A VOLTE RITORNANO

L’ho già detto, lo so bene. Ma sento nell’aria un certo desiderio di serrare i ranghi che non mi piace: sabato scorso, sul quotidiano, Mario Pirani ne ha parlato apertamente. Anzi, ha proprio scritto le parole “ritorno all’ordine” (auspicandolo). Nel caso, l’argomento era quello, che a torto si riteneva ormai immune da sospetti e polemiche, dei videogiochi come strumenti diseducativi e forieri di violenza (non solo quelli: nell’articolo era sotto accusa anche il genitore libertario). Su un altro fronte, quello che riguarda le donne e il lavoro, manifesta il proprio stupore Doris Lessing. Lo fa in un’intervista a Millepiani in onda su Cult Network stasera alle 21 e in replica domani alle 9. Piccolo estratto:

“Quello che sta accadendo attualmente in Gran Bretagna è che ritorna in modo massiccio il fenomeno delle donne che preferiscono stare a casa. Forse è una scelta che ha vantaggi sul breve periodo, ma mi chiedo se alla lunga regga. Nella mia generazione, per esempio, le nostre madri avevano investito tutto sui figli e poi, una volta raggiunta la mezza età, rimanevano sole, senza occupazione, donne infelici. Noi sapevamo bene che quello di cui avevamo bisogno era un lavoro, e avevamo ragione. Tutte quelle capacità ed energie delle donne avevano poche cose su cui essere indirizzate. Ritornare nelle case non è necessariamente la soluzione per tutte. (…)
Trovo sorprendente che fino a non molto tempo fa in un paese cattolico come l’Italia le donne avevano molti figli, e ora, di colpo, avete la natalità più bassa d’Europa. Questo è interessante soprattutto per chi è affascinato dal modo in cui il cambiamento possa essere così improvviso e rapido. Il fatto che le donne rinviano il momento della maternità è certo un problema insolubile. La natura vuole che le donne restino incinte nell’età in cui sono nel massimo delle loro forze, e rimangono incinte subito. Questo è quanto esige la natura. Ma le donne a quest’età sono all’università, o agli inizi della loro carriera, e poi vent’anni dopo si dicono che forse rinviare è stato uno sbaglio. In realtà non c’è una soluzione, una strada giusta da seguire. Conosco donne che sono preoccupate perché vogliono a ogni costo avere un figlio, che abbiano o no un uomo accanto, ma a questo proposito devo dire che qualsiasi donna decida di avere un figlio senza un sostegno deve essere matta. Lo dico perché l’ho fatto.
È davvero difficile avere un lavoro e allevare dei figli, e molte giovani donne se ne sono accorte. Molte lo fanno, altre preferiscono rinunciare. Quello che trovo interessante però è che esiste una classe di donne benestanti che sono annullate, non fanno nulla, hanno mariti ricchi e personale di servizio, e queste donne non lavorano, non cucinano, non seguono i figli, passano il tempo provando vestiti e pranzando con le amiche. Per una donna come me è scioccante. Pensavamo che situazioni di questo tipo fossero finite, e invece eccole di nuovo”.

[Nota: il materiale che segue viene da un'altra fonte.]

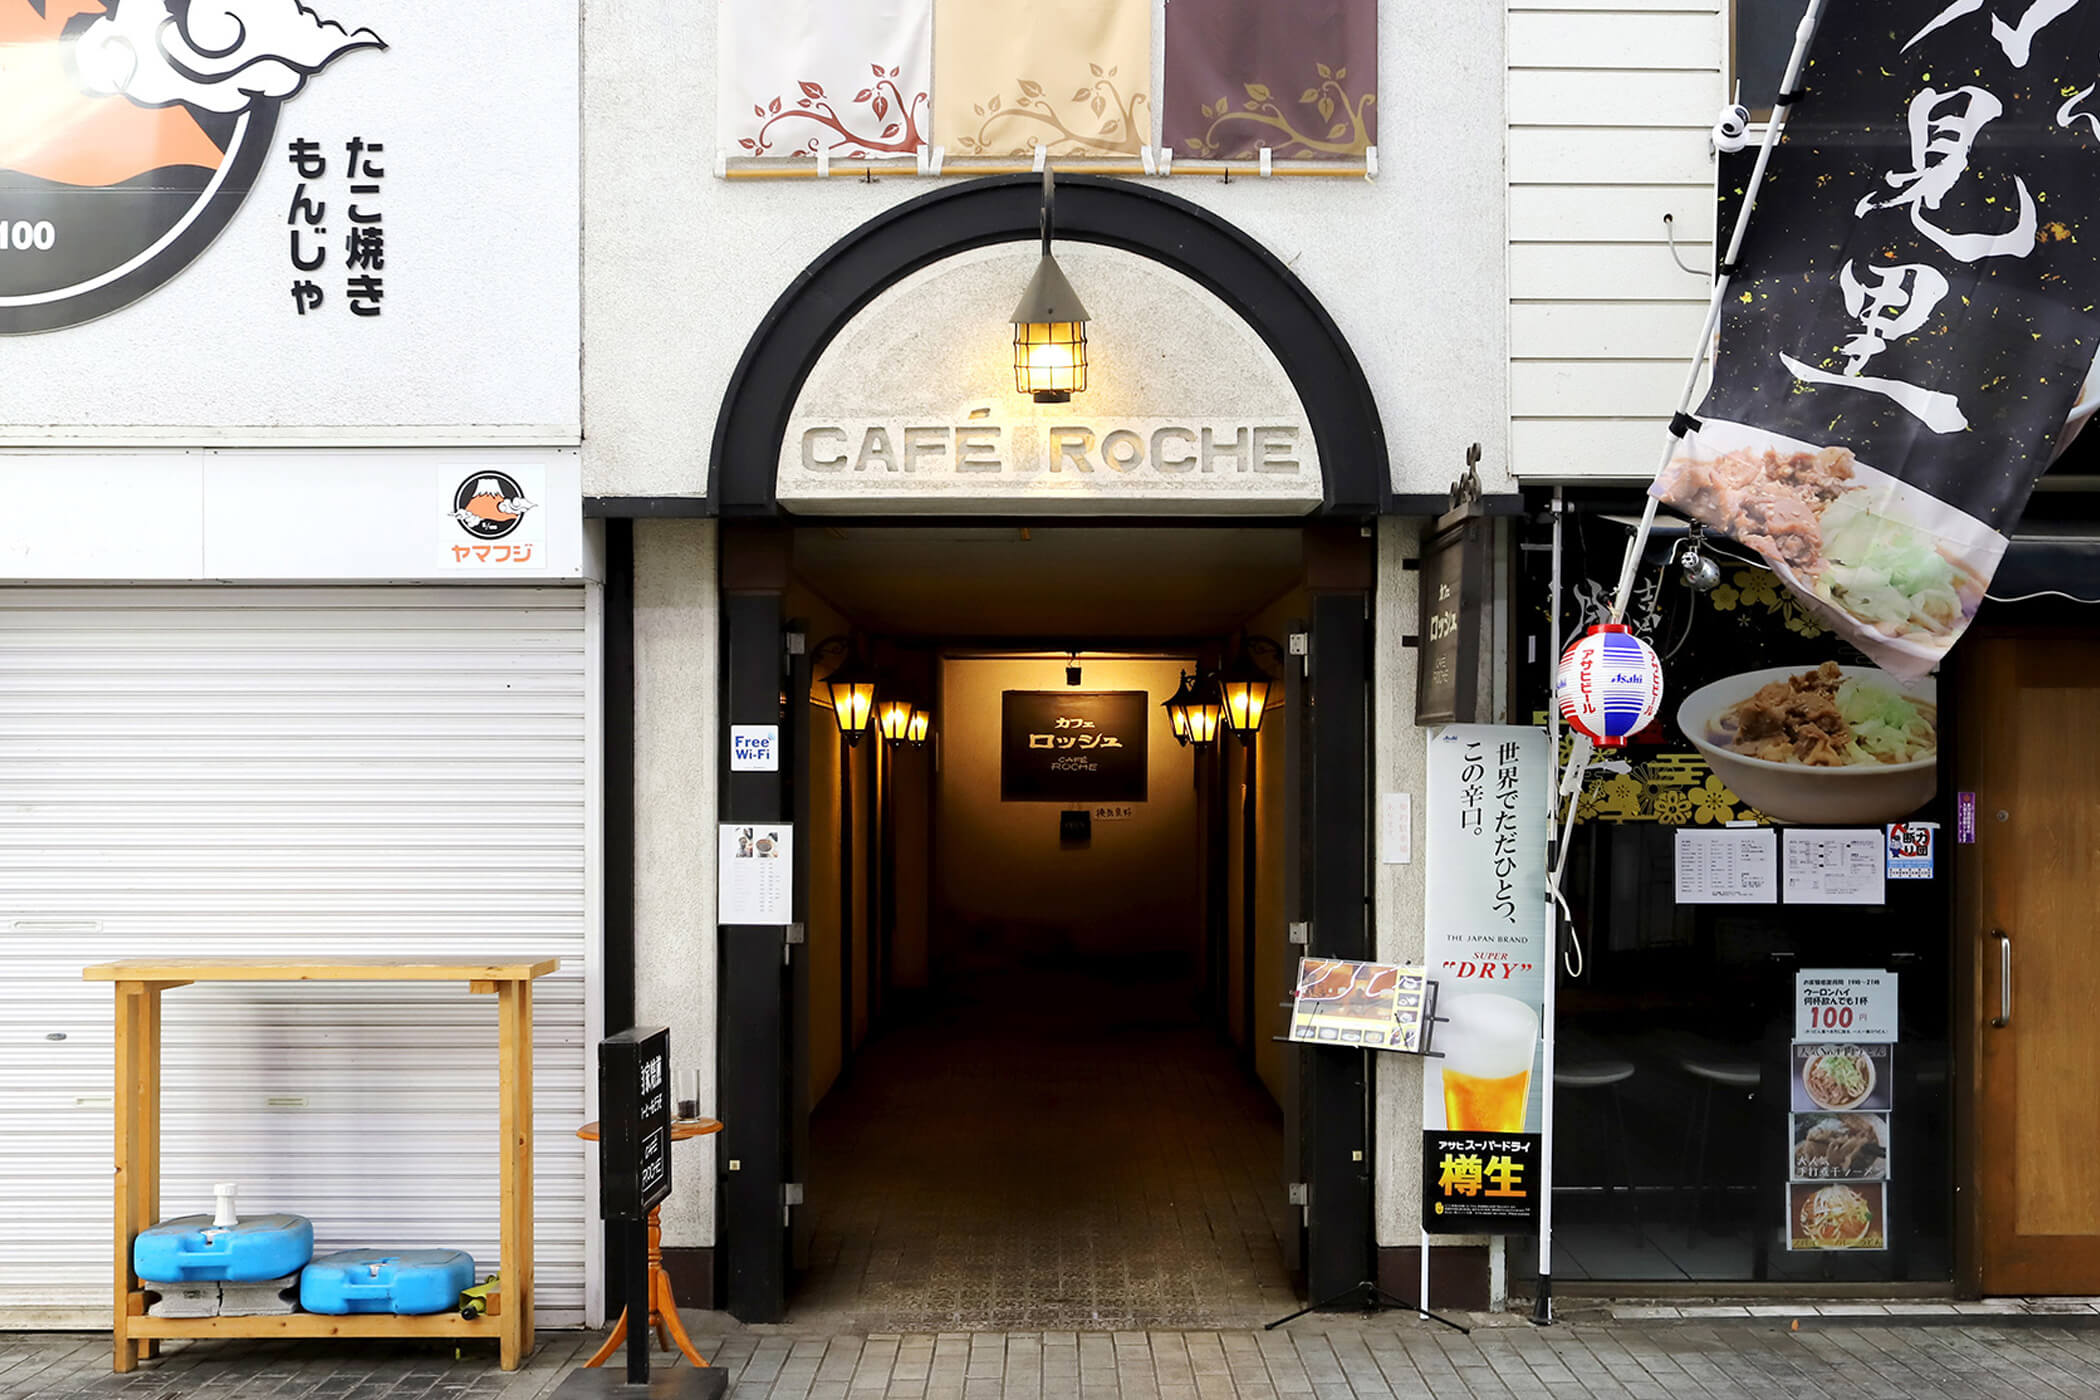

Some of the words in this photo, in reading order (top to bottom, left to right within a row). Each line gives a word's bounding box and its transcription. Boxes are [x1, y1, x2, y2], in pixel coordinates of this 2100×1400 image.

22 pensieri su “A VOLTE RITORNANO

  1. Ogni anno ha la sua momentanea moda. Ogni decennio ha la sua moda ripetuta. E’ solo una questione di tempo: aspettare venti di cambiamento. E chi vivrà vedrà.
    Cari saluti.
    Iannox

  2. mario pirani, buono quello lì. sul suo articolo sul bullismo ha detto cose intelligenti.
    tutta colpa dei videogiochi violenti.
    testa di c….

  3. Non mi sembra che il termine restaurazione esaurisca e comprenda il processo in corso, per quanto mi riguarda la chiamo volentieri: punizione. Non si reclama solo il ritorno all’ordine dei padri, si vuole anche punire chi ha pensato e creduto che un’alternativa o un sogno fossero possibili. Noi oggi vediamo l’epilogo di un lungo processo che ha impiegato anni a costruire modelli di veline, paninari, giocatori, edonisti reganiani, vittellazzi allo sbaraglio ecc.. Pirani tira le somme, ma non e’ lui l’artefice e forse non c’è neanche un grande vecchio, ma solo le solite forze retrograde e impunite che si sbranano tra loro, ma si coalizzano meravigliosamente per distruggere qualsiasi utopia pensata o realizzata. Che si tratti del vecchietto del mio paese (per cui tutti i guai della modernita’ erano da attribuire alle donne fuori casa e al loro predare lavoro e territorio maschile) o del piano di rinascita di un certo Lucio, tutto si tiene e ci tiene sempre piu’ strette/i verso il nuovo bisogno di disciplina e di poteri forti (sono poi mai mancati?) a cui e’ necessaro, adesso che i tempi sono maturi, dare staus e regole ben precise. Che questo accada non stupisce, la cosa che preoccupa e’ che non trovano resistenza perchè si fa fatica a metterli a fuoco e, soprattutto per le donne, perchè i modelli di pensiero e comportamento che ci propinano tutti i gioni sono stati interiorizzati e stanno facendo il loro lavoro/gioco. Come è successo per il capitalismo trionfante sulle utopie del secolo scorso, la via non sarà solo quella della restaurazione, ma anche dell’umiliazione. Ci rivolteranno la frittata e ci faranno credere e pensare che abbiamo sbagliato (tutto e sempre) e che dobbiamo passare il resto della vita a espiare.
    Che cosa fare viene da sè e non e’ facile: resistere, resistere, resistere, in tutti i modi e le forme che riusciamo a immaginare….soprattutto evitando di andare a scovare le pulci negli altri restaurandi, i nemici stanno altrove e dobbiamo essere in grado di riconoscerli.
    Scusate la retorica, ma stamane va così.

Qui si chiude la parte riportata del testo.